You can view the file to ensure it worked. The first and second values should be 0.9838 and 0.493

less MAGS_quality.csv

Add quality to the checkm results file

Now we can combine the files cocopye_output.csv and MAGS_quality.csv with the paste command into a new file called cocopye_quality.csv. The -d "," option indicates the merged files will be separated by commas (,), matching the column separation in cocopye_output.csv.

paste -d "," cocopye_output.csv MAGS_quality.csv > cocopye_quality.csv

23.6 CheckM: MCQs

Viewing the file cocopye_output.csv attempt the below questions.

Tip: You can use the cut command to look at specific columns. For example:

#look at the "bin" and "quality" columns
#Convert the printed output's commas to tabs for readability
cut -d "," -f 1,8 cocopye_quality.csv | tr "," "\t"

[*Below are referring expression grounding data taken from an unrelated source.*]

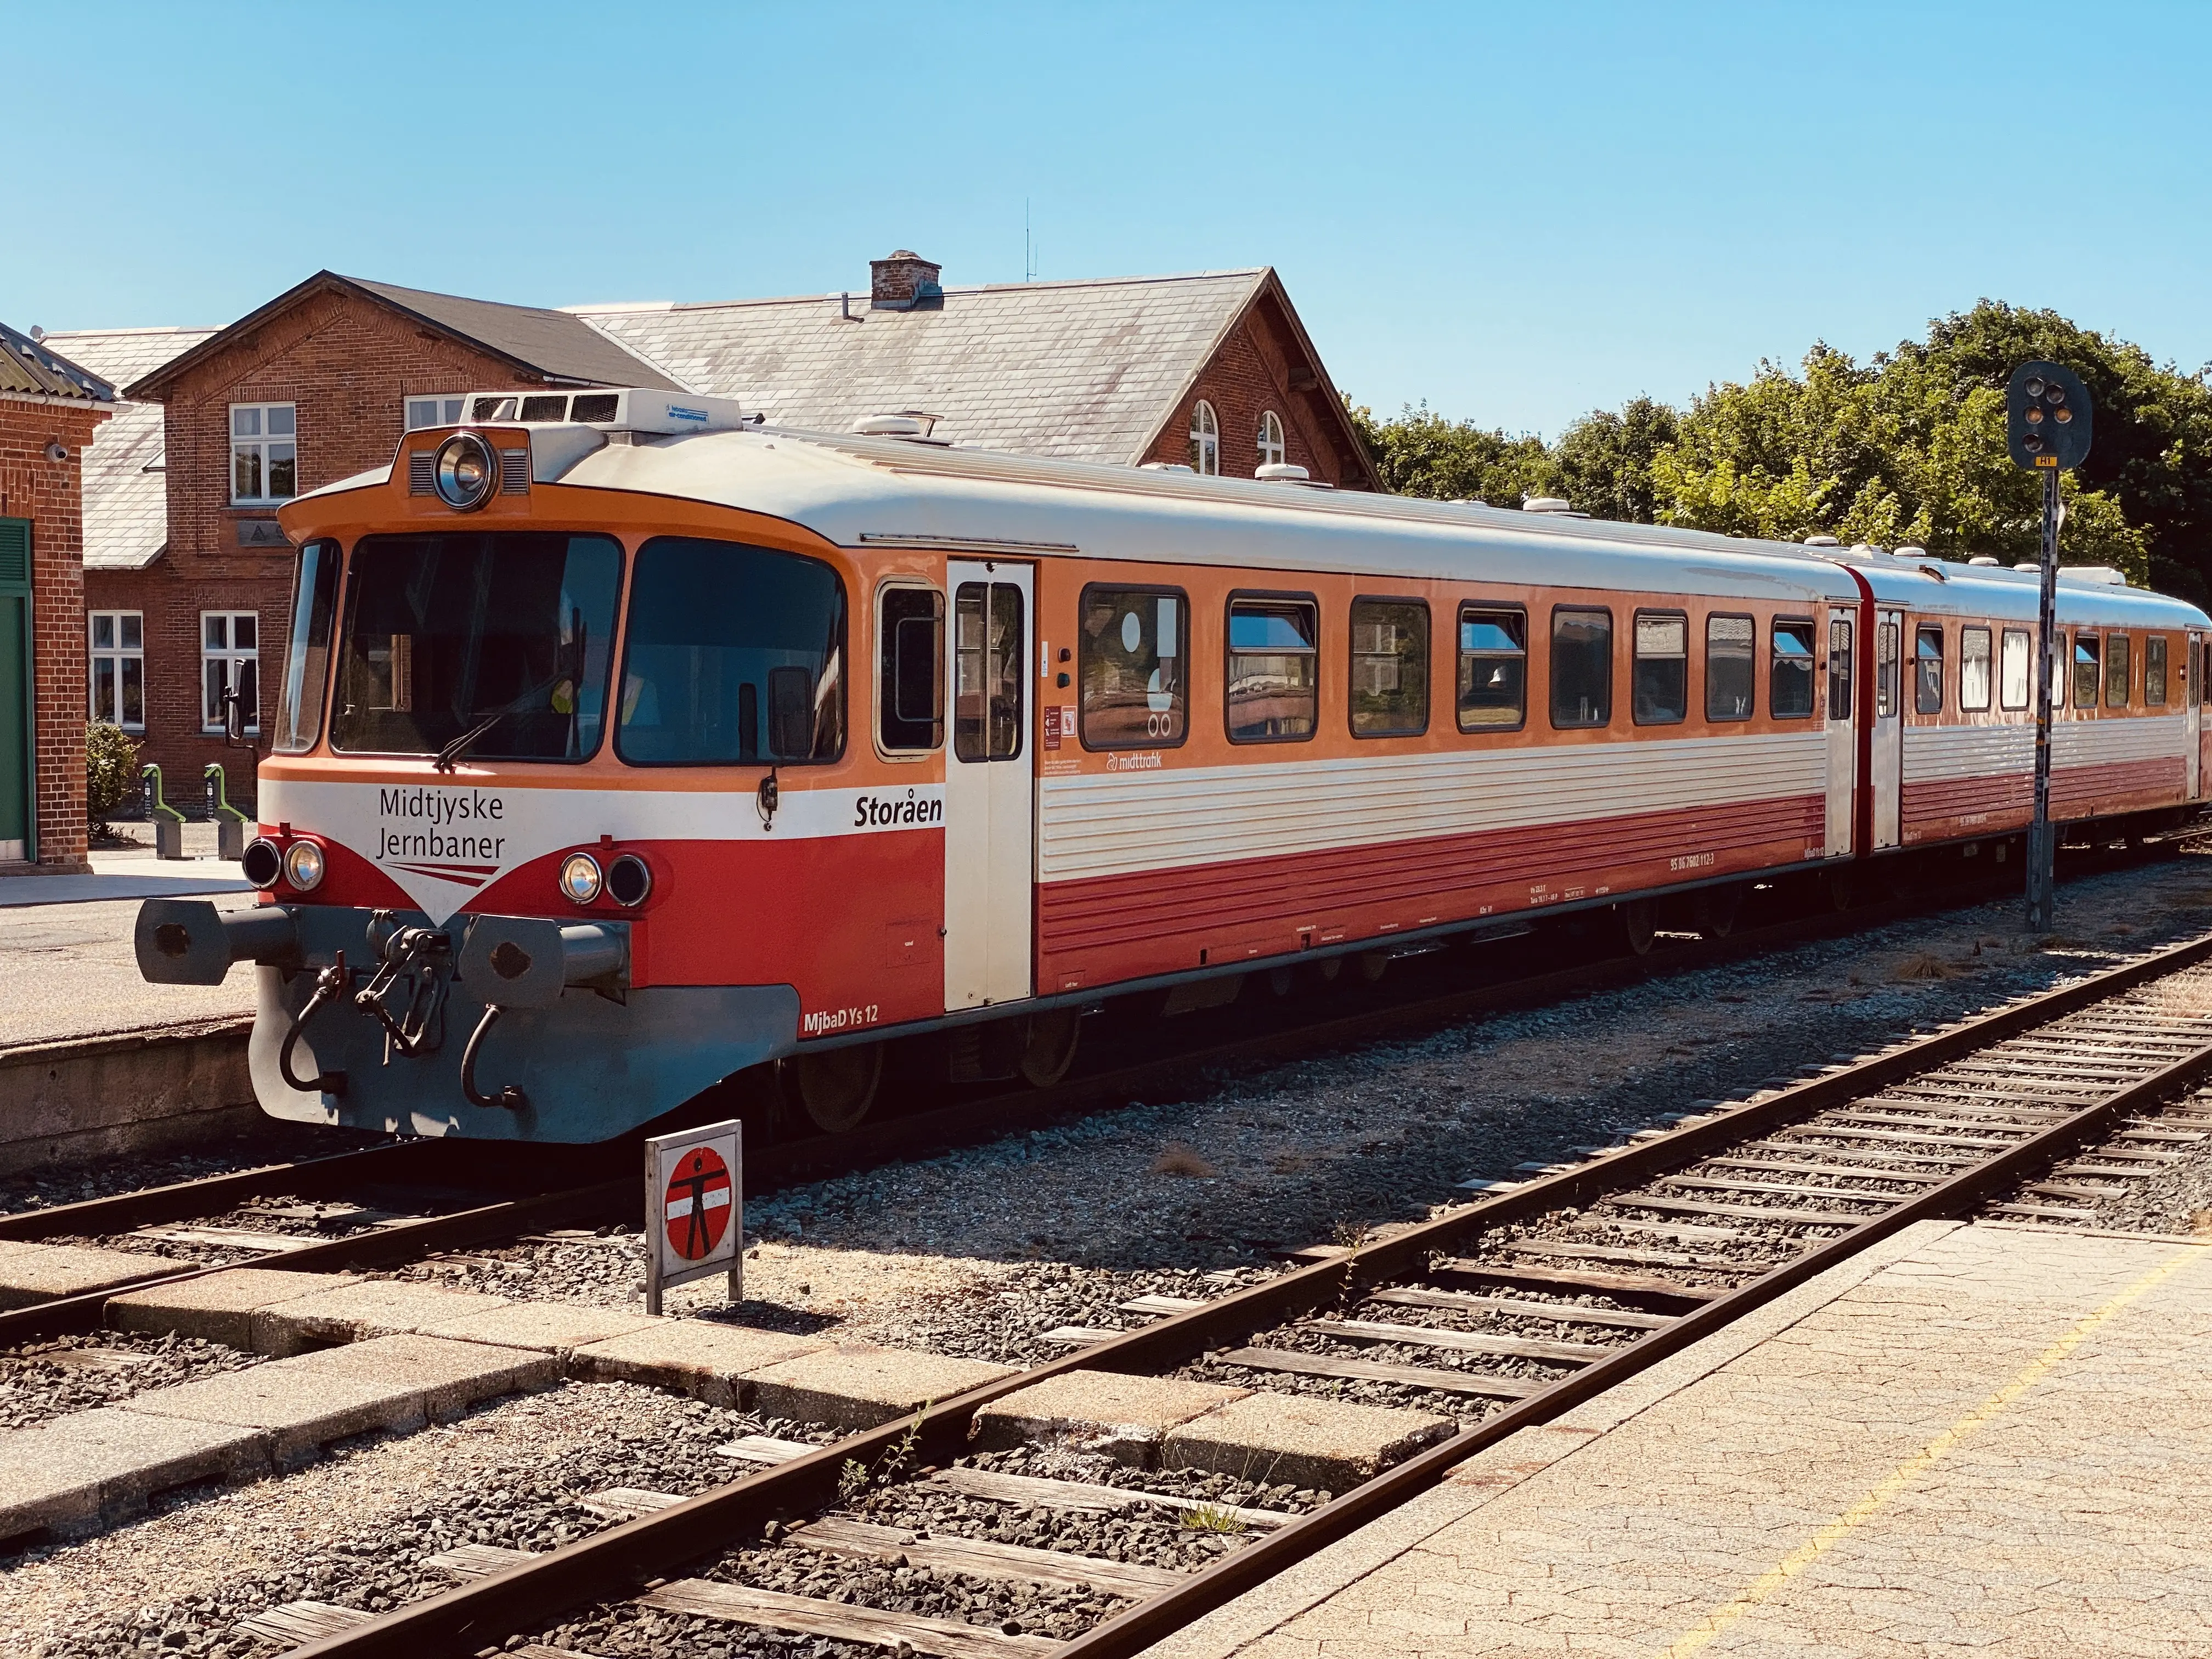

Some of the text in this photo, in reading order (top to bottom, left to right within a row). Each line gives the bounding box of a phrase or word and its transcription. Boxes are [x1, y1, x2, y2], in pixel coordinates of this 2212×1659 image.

[669, 412, 707, 422] air-conditioned
[2040, 456, 2050, 465] H1
[1119, 751, 1162, 770] midttrafik
[381, 788, 503, 825] Midtjyske
[854, 788, 943, 827] Storåen
[376, 827, 505, 859] Jernbaner
[1671, 853, 1714, 871] 95 86 7602 112-3
[804, 1005, 878, 1035] MjbaD Ys 12

What lineage was assigned to bin K1.1?
Bacteria Bacteroides Lachnospiraceae
What lineage was assigned to bin K1.22?
Bacteria Bacteroides Lachnospiraceae
What lineage was assigned to bin K1.8?
Bacteria Bacteroides Lachnospiraceae
What is the quality value of K1.1?
0.0202 0.6724 0.9769
What is the completeness value of K1.30?
0.0202 0.6724 0.9769
What is the contamination value of K1.12 bin?
0.0202 0.6724 0.9769
Which bin has the highest quality value (98.38%)?
K1.20 K1.26 K1.22
Which bin has the quality value of -2.9215?
K1.20 K1.26 K1.22
Which bin has the highest completeness value (98.59%)?
K1.20 K1.26 K1.22

23.7 Bin quality summary

It is always useful to know the quality of your bins so you know which are more reliable than others. With that information you can be more or less certain when concluding your findings.

We have some good quality bins but many poorer quality bins too. Ultimately binning is trying to separate all the genomes from each other. A better metagenome assembly would most likely have led to better binning.